» WHAT THIS TASK INVOLVES:
Reproduce the entries. Match every word.

» SUPPLIED RECORDS:

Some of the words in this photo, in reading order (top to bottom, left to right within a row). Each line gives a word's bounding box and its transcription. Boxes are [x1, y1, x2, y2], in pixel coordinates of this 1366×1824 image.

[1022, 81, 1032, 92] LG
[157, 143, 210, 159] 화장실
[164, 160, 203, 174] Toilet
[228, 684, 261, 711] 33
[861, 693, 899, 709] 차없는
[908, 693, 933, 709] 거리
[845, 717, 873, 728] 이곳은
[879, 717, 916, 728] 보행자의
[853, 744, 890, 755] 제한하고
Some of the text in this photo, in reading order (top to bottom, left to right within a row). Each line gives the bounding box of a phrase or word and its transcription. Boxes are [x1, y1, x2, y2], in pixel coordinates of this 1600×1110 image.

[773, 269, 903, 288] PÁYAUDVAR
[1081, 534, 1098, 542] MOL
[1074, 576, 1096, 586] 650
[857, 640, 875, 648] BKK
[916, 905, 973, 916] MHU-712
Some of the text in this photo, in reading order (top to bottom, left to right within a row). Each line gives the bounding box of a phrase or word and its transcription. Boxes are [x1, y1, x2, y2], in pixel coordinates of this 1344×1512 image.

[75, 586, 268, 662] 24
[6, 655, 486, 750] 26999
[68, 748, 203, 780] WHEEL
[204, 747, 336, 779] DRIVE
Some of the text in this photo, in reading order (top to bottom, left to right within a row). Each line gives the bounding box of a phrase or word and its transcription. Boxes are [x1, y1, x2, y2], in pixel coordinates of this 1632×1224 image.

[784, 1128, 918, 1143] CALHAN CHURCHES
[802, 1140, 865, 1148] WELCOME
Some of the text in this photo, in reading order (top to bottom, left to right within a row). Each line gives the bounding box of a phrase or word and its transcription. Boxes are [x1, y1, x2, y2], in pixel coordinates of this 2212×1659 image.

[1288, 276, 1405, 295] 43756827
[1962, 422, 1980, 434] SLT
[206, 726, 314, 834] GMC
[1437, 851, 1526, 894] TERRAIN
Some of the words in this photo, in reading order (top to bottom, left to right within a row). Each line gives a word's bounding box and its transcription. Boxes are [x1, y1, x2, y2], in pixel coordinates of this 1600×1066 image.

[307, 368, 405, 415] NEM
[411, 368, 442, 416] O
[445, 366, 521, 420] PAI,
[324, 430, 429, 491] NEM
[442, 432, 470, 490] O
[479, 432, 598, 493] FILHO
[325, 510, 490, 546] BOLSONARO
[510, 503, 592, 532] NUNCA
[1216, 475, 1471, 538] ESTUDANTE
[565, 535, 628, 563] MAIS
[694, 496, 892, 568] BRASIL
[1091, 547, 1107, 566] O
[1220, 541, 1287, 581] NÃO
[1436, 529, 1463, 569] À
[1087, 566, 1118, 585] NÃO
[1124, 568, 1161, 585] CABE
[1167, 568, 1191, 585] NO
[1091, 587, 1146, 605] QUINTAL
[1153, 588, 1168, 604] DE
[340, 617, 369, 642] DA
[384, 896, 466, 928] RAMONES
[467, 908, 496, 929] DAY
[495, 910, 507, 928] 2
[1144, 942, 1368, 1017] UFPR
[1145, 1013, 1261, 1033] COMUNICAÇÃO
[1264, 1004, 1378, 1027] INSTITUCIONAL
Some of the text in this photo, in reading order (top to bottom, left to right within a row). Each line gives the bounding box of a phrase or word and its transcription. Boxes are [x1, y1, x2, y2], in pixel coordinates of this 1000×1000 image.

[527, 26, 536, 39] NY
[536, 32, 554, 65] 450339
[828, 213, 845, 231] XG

» TASK RESULT:
Some of the words in this photo, in reading order (top to bottom, left to right within a row). Each line gives a word's bounding box and its transcription. Boxes are [x1, y1, x2, y2], in pixel coordinates of this 1366×1824 image.

[1022, 81, 1032, 92] LG
[157, 143, 210, 159] 화장실
[164, 160, 203, 174] Toilet
[228, 684, 261, 711] 33
[861, 693, 899, 709] 차없는
[908, 693, 933, 709] 거리
[845, 717, 873, 728] 이곳은
[879, 717, 916, 728] 보행자의
[853, 744, 890, 755] 제한하고
Some of the text in this photo, in reading order (top to bottom, left to right within a row). Each line gives the bounding box of a phrase or word and its transcription. Boxes are [x1, y1, x2, y2], in pixel coordinates of this 1600×1110 image.

[773, 269, 903, 288] PÁYAUDVAR
[1081, 534, 1098, 542] MOL
[1074, 576, 1096, 586] 650
[857, 640, 875, 648] BKK
[916, 905, 973, 916] MHU-712
Some of the text in this photo, in reading order (top to bottom, left to right within a row). Each line gives the bounding box of a phrase or word and its transcription. Boxes are [x1, y1, x2, y2], in pixel coordinates of this 1344×1512 image.

[75, 586, 268, 662] 24
[6, 655, 486, 750] 26999
[68, 748, 203, 780] WHEEL
[204, 747, 336, 779] DRIVE
Some of the text in this photo, in reading order (top to bottom, left to right within a row). Each line gives the bounding box of a phrase or word and its transcription. Boxes are [x1, y1, x2, y2], in pixel coordinates of this 1632×1224 image.

[784, 1128, 918, 1143] CALHAN CHURCHES
[802, 1140, 865, 1148] WELCOME
Some of the text in this photo, in reading order (top to bottom, left to right within a row). Each line gives the bounding box of a phrase or word and its transcription. Boxes are [x1, y1, x2, y2], in pixel coordinates of this 2212×1659 image.

[1288, 276, 1405, 295] 43756827
[1962, 422, 1980, 434] SLT
[206, 726, 314, 834] GMC
[1437, 851, 1526, 894] TERRAIN
Some of the words in this photo, in reading order (top to bottom, left to right within a row). Each line gives a word's bounding box and its transcription. Boxes are [x1, y1, x2, y2], in pixel coordinates of this 1600×1066 image.

[307, 368, 405, 415] NEM
[411, 368, 442, 416] O
[445, 366, 521, 420] PAI,
[324, 430, 429, 491] NEM
[442, 432, 470, 490] O
[479, 432, 598, 493] FILHO
[325, 510, 490, 546] BOLSONARO
[510, 503, 592, 532] NUNCA
[1216, 475, 1471, 538] ESTUDANTE
[565, 535, 628, 563] MAIS
[694, 496, 892, 568] BRASIL
[1091, 547, 1107, 566] O
[1220, 541, 1287, 581] NÃO
[1436, 529, 1463, 569] À
[1087, 566, 1118, 585] NÃO
[1124, 568, 1161, 585] CABE
[1167, 568, 1191, 585] NO
[1091, 587, 1146, 605] QUINTAL
[1153, 588, 1168, 604] DE
[340, 617, 369, 642] DA
[384, 896, 466, 928] RAMONES
[467, 908, 496, 929] DAY
[495, 910, 507, 928] 2
[1144, 942, 1368, 1017] UFPR
[1145, 1013, 1261, 1033] COMUNICAÇÃO
[1264, 1004, 1378, 1027] INSTITUCIONAL
Some of the text in this photo, in reading order (top to bottom, left to right within a row). Each line gives the bounding box of a phrase or word and its transcription. Boxes are [x1, y1, x2, y2], in pixel coordinates of this 1000×1000 image.

[527, 26, 536, 39] NY
[536, 32, 554, 65] 450339
[828, 213, 845, 231] XG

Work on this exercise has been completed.